Auguste Comte, Cours de Philosophie positive, 4de dr. 1877, 6 tomes.

Em. Durkheim, Les régies de la méthode sociologique, 9de druk 1938.

R. von Mises, Kleines Lehrbuch des Positivismus. Einführung in die empiristische Wissenschaftsauffassung, 1939.

Weliswaar maakt Comte geen principieel onderscheid tussen instinct en intellect, maar hij acht het onderscheid slechts daarin gelegen, dat het intellect veranderlijk is en zich vermag aan te passen aan de bestaansvoorwaarden en de omgeving (milieu). Ook wordt geen onbelangrijke plaats toegekend aan de materiële en in het algemeen aan de natuurlijke gegevens (klimaat, bodem, ras, fysieke gesteldheid), waarvan de ontwikkeling van het intellect afhankelijk is. Niettemin is het intellect een zelfstandige en hoogst belangrijke factor in de menselijke maatschappij, zozeer zelfs, dat Comte de gehele ontwikkeling der mensheid, die zich voornamelijk bij de élite voltrekt, laat samenvallen met de evolutie van het weten en van het intellect.

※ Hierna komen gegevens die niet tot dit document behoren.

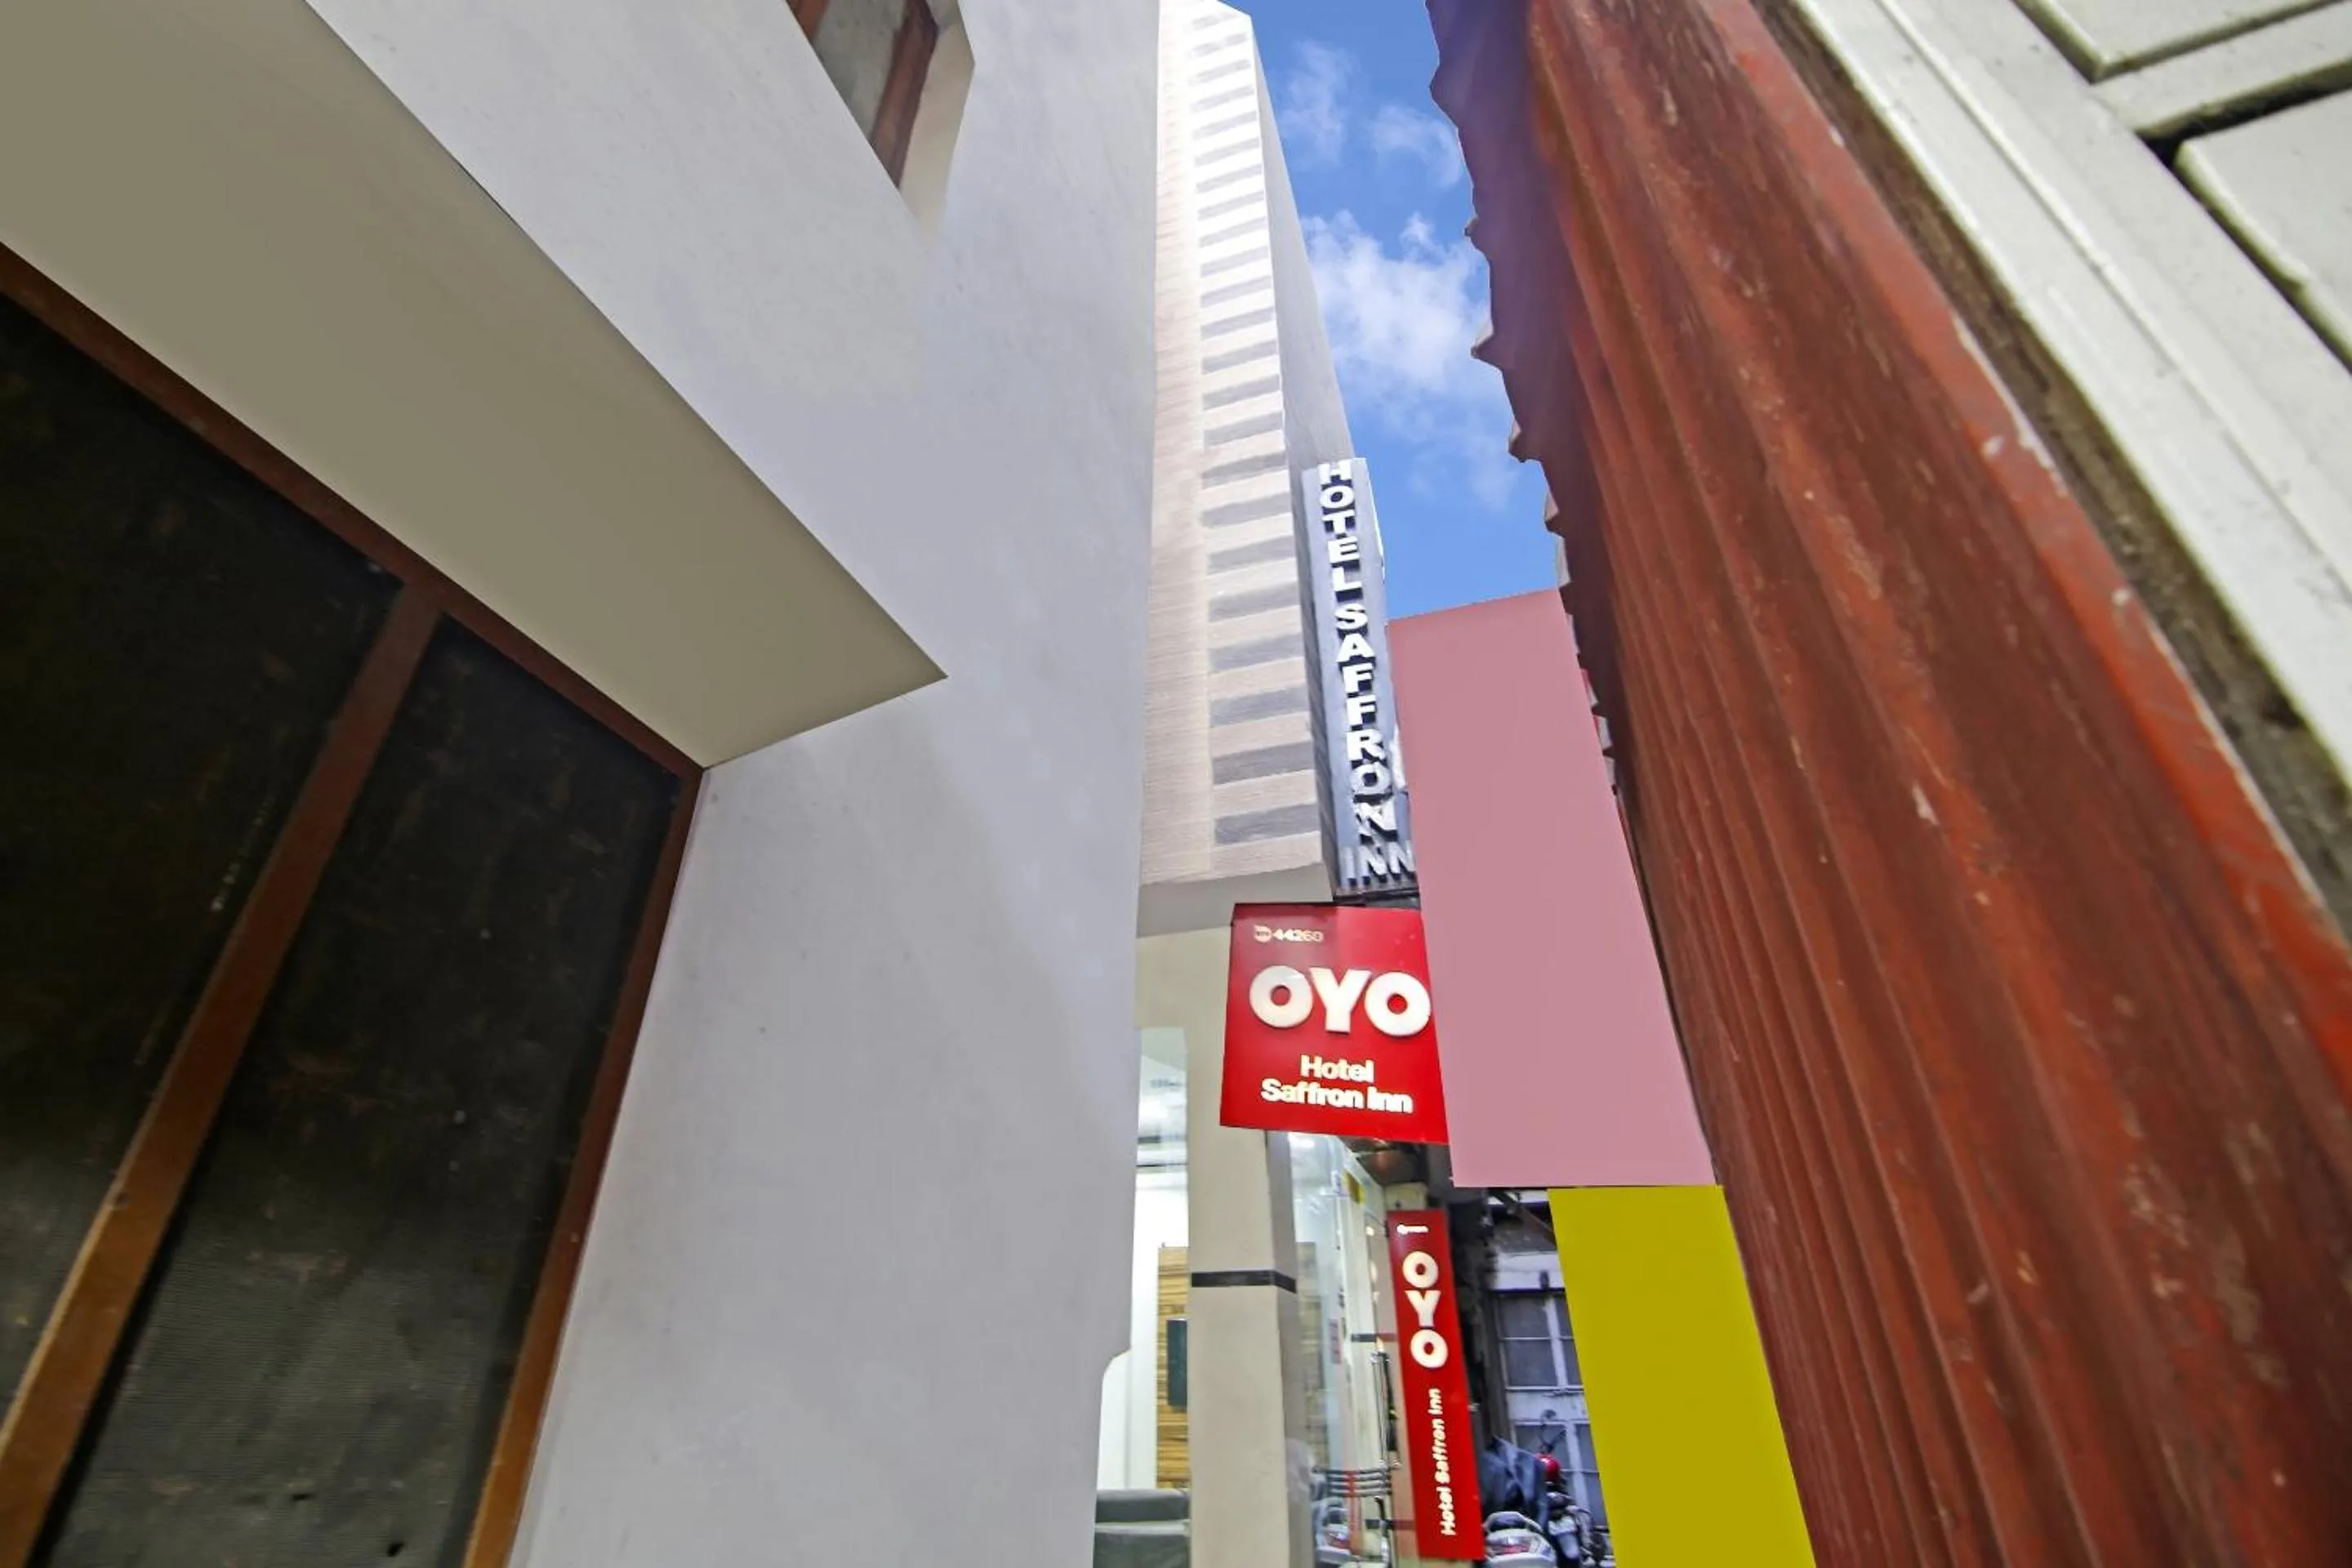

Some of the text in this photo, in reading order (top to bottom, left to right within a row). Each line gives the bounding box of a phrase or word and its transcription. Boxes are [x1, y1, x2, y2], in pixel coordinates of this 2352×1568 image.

Een verdere doorvoering van de positivistische beschouwing omtrent de mens en de cultuur en in verband hiermede ook omtrent de geschiedenis van de cultuur, die er van uitgaat, dat een toereikende oplossing van alle problemen gevonden kan worden, wanneer men de mens uitsluitend beschouwt als een natuurwezen of als een hogere diersoort, biedt het naturalisme. Alle hogere functies en dienovereenkomstig ook alle hogere cultuuruitingen van de mens laten zich in de meest letterlijke zin van het woord op natuurlijke wijze begrijpen en verklaren als resultante van telkens op zich zelf genomen reeds bekende biologische factoren of verschijnselen.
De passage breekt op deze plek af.